INSTRUCTIONS TO FOLLOW »
Set down each of the records below exactly as it reads. No pictures go into the copy.

Phrase grounding data
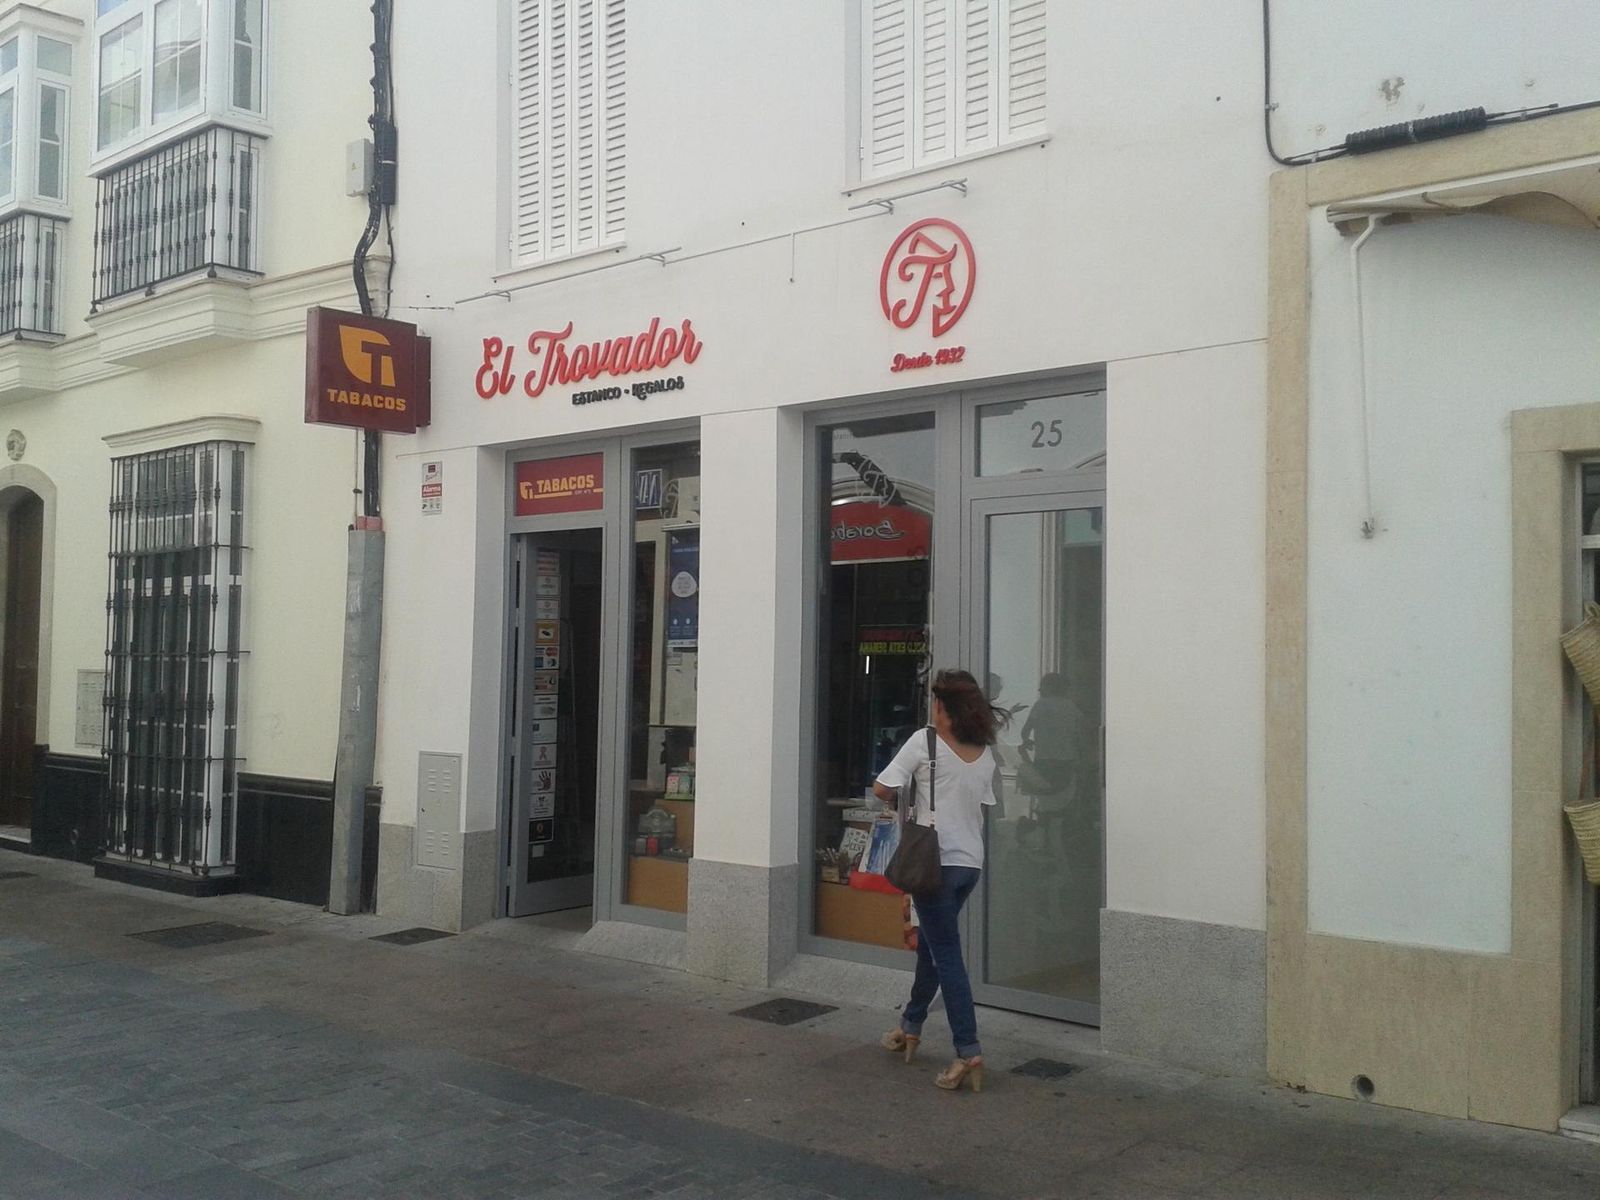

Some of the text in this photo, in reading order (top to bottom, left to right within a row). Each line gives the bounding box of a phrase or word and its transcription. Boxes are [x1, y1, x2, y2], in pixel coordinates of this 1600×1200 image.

[475, 318, 703, 398] El Trovador
[891, 346, 965, 373] Desde 1932
[326, 388, 408, 412] TABACOS
[571, 376, 685, 406] ESTANCO REGALOS
[1030, 419, 1063, 449] 25
[536, 474, 595, 493] TABACOS
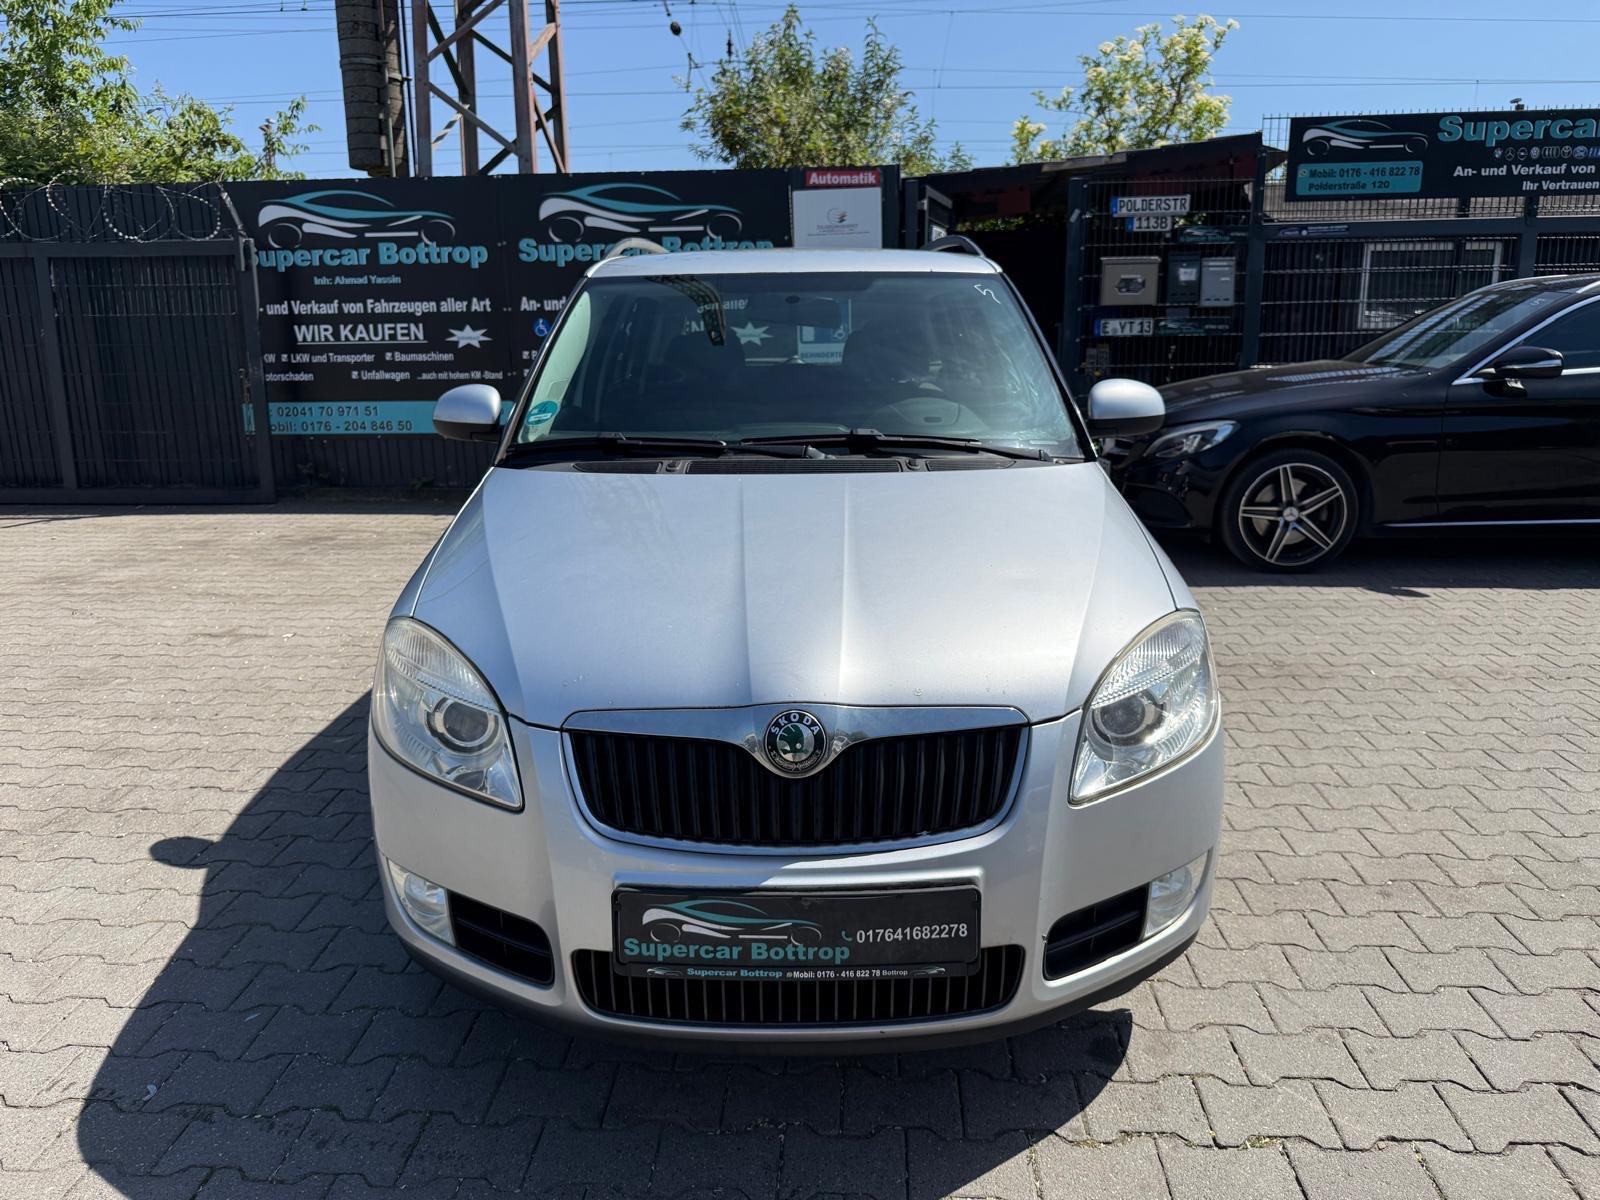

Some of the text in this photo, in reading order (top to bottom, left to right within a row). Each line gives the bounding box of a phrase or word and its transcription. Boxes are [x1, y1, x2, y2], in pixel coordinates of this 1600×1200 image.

[1437, 115, 1600, 147] Superca
[1309, 168, 1336, 178] Mobil:
[1339, 167, 1361, 177] 0176
[1369, 167, 1386, 177] 416
[1389, 166, 1406, 176] 822
[1409, 166, 1420, 176] 78
[1453, 163, 1595, 176] An- und Verkauf von
[809, 172, 876, 185] Automatik
[1522, 179, 1600, 191] Ihr Vertrauen
[1308, 180, 1390, 191] Polderstraße 120
[1118, 197, 1188, 212] POLDERSTR
[378, 241, 489, 269] Bottrop
[518, 237, 650, 267] Super
[313, 274, 401, 285] Inh: Ahmad Yassin
[266, 296, 492, 317] und Verkauf von Fahrzeugen aller Art
[520, 296, 541, 311] An-
[293, 323, 425, 342] WIR KAUFEN
[1102, 321, 1110, 334] E
[290, 353, 311, 363] LKW
[311, 353, 328, 363] und
[328, 353, 376, 364] Transporter
[394, 351, 454, 361] Baumaschinen
[361, 370, 411, 382] Unfallwagen
[438, 371, 448, 380] mit
[449, 371, 470, 379] hohen
[470, 370, 482, 379] KM
[277, 406, 378, 416] 02041 70 971 51
[301, 421, 332, 432] 0176
[344, 421, 366, 431] 204
[371, 420, 393, 431] 846
[398, 420, 412, 431] 50
[770, 712, 820, 736] SKODA
[856, 923, 968, 944] 017641682278
[623, 937, 850, 965] Supercar Bottrop
[687, 967, 738, 977] Supercar
[740, 968, 783, 979] Bottrop
[793, 970, 815, 978] Mobil:
[816, 970, 835, 978] 0176
[841, 969, 855, 977] 416
[856, 969, 870, 977] 822
[871, 969, 881, 977] 78
[882, 969, 908, 977] Bottrop
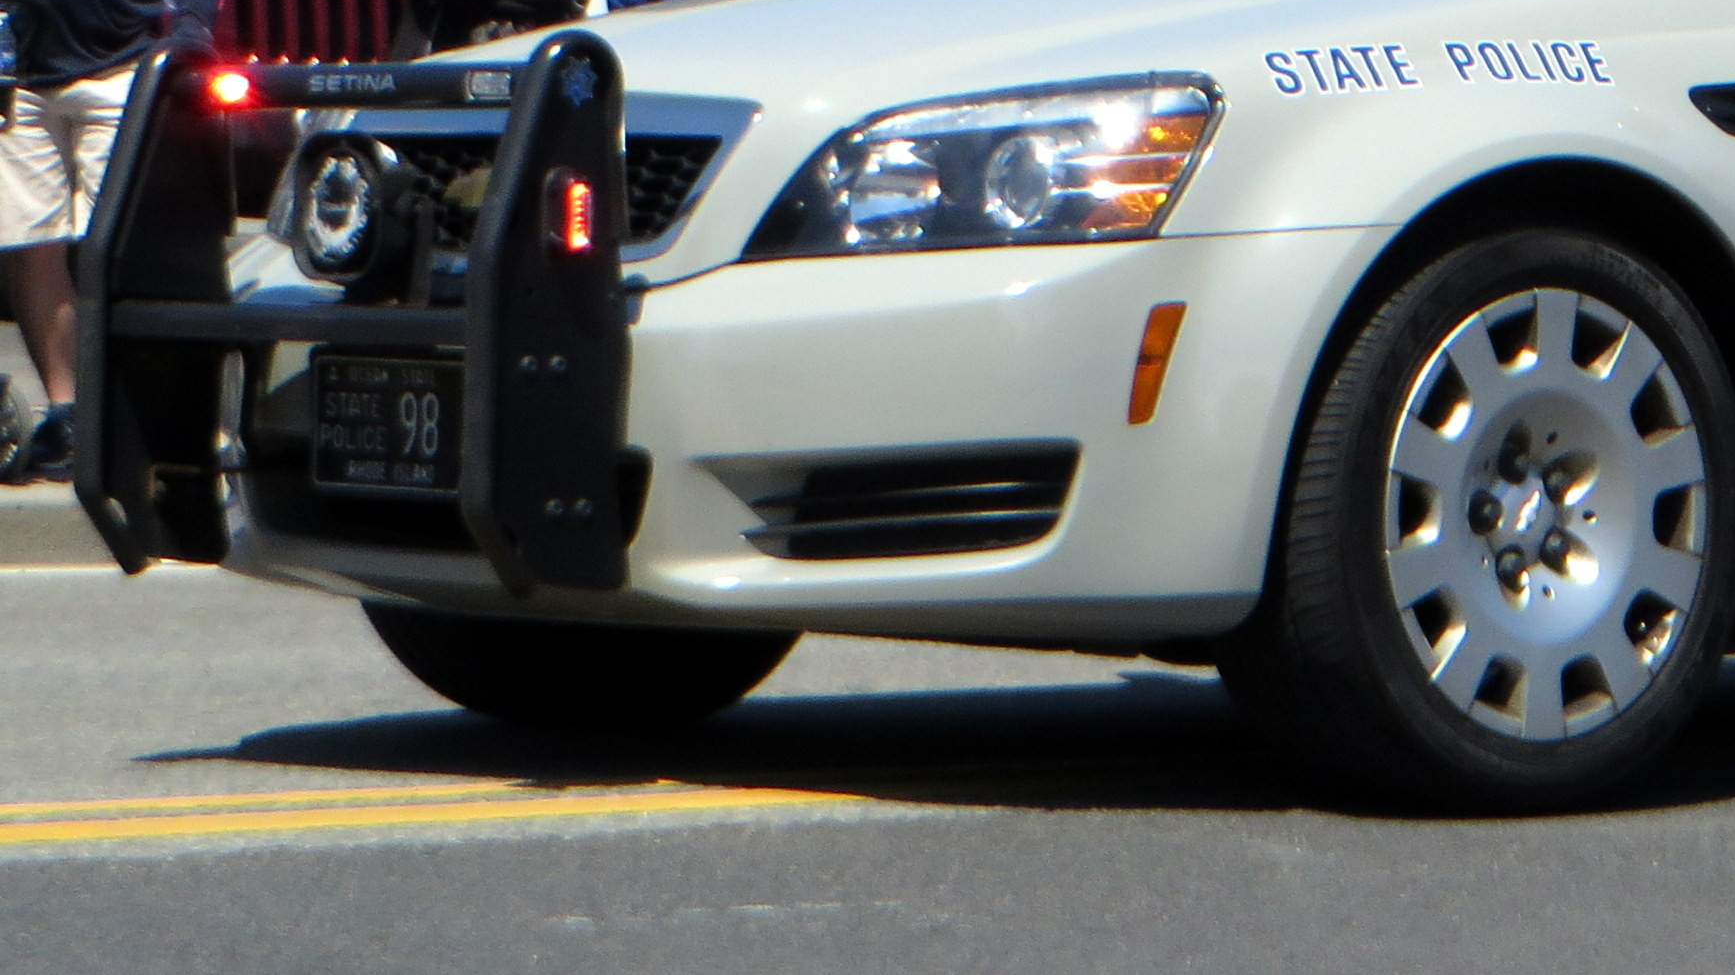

REPLY TO THE TASK »
Some of the text in this photo, in reading order (top to bottom, left to right within a row). Each line gives the bounding box of a phrase or word and its transcription. Boxes are [x1, y1, x2, y2], in pixel coordinates of this 1600×1200 image.

[475, 318, 703, 398] El Trovador
[891, 346, 965, 373] Desde 1932
[326, 388, 408, 412] TABACOS
[571, 376, 685, 406] ESTANCO REGALOS
[1030, 419, 1063, 449] 25
[536, 474, 595, 493] TABACOS

Some of the text in this photo, in reading order (top to bottom, left to right within a row). Each line gives the bounding box of a phrase or word and its transcription. Boxes are [x1, y1, x2, y2], in pixel coordinates of this 1600×1200 image.

[1437, 115, 1600, 147] Superca
[1309, 168, 1336, 178] Mobil:
[1339, 167, 1361, 177] 0176
[1369, 167, 1386, 177] 416
[1389, 166, 1406, 176] 822
[1409, 166, 1420, 176] 78
[1453, 163, 1595, 176] An- und Verkauf von
[809, 172, 876, 185] Automatik
[1522, 179, 1600, 191] Ihr Vertrauen
[1308, 180, 1390, 191] Polderstraße 120
[1118, 197, 1188, 212] POLDERSTR
[378, 241, 489, 269] Bottrop
[518, 237, 650, 267] Super
[313, 274, 401, 285] Inh: Ahmad Yassin
[266, 296, 492, 317] und Verkauf von Fahrzeugen aller Art
[520, 296, 541, 311] An-
[293, 323, 425, 342] WIR KAUFEN
[1102, 321, 1110, 334] E
[290, 353, 311, 363] LKW
[311, 353, 328, 363] und
[328, 353, 376, 364] Transporter
[394, 351, 454, 361] Baumaschinen
[361, 370, 411, 382] Unfallwagen
[438, 371, 448, 380] mit
[449, 371, 470, 379] hohen
[470, 370, 482, 379] KM
[277, 406, 378, 416] 02041 70 971 51
[301, 421, 332, 432] 0176
[344, 421, 366, 431] 204
[371, 420, 393, 431] 846
[398, 420, 412, 431] 50
[770, 712, 820, 736] SKODA
[856, 923, 968, 944] 017641682278
[623, 937, 850, 965] Supercar Bottrop
[687, 967, 738, 977] Supercar
[740, 968, 783, 979] Bottrop
[793, 970, 815, 978] Mobil:
[816, 970, 835, 978] 0176
[841, 969, 855, 977] 416
[856, 969, 870, 977] 822
[871, 969, 881, 977] 78
[882, 969, 908, 977] Bottrop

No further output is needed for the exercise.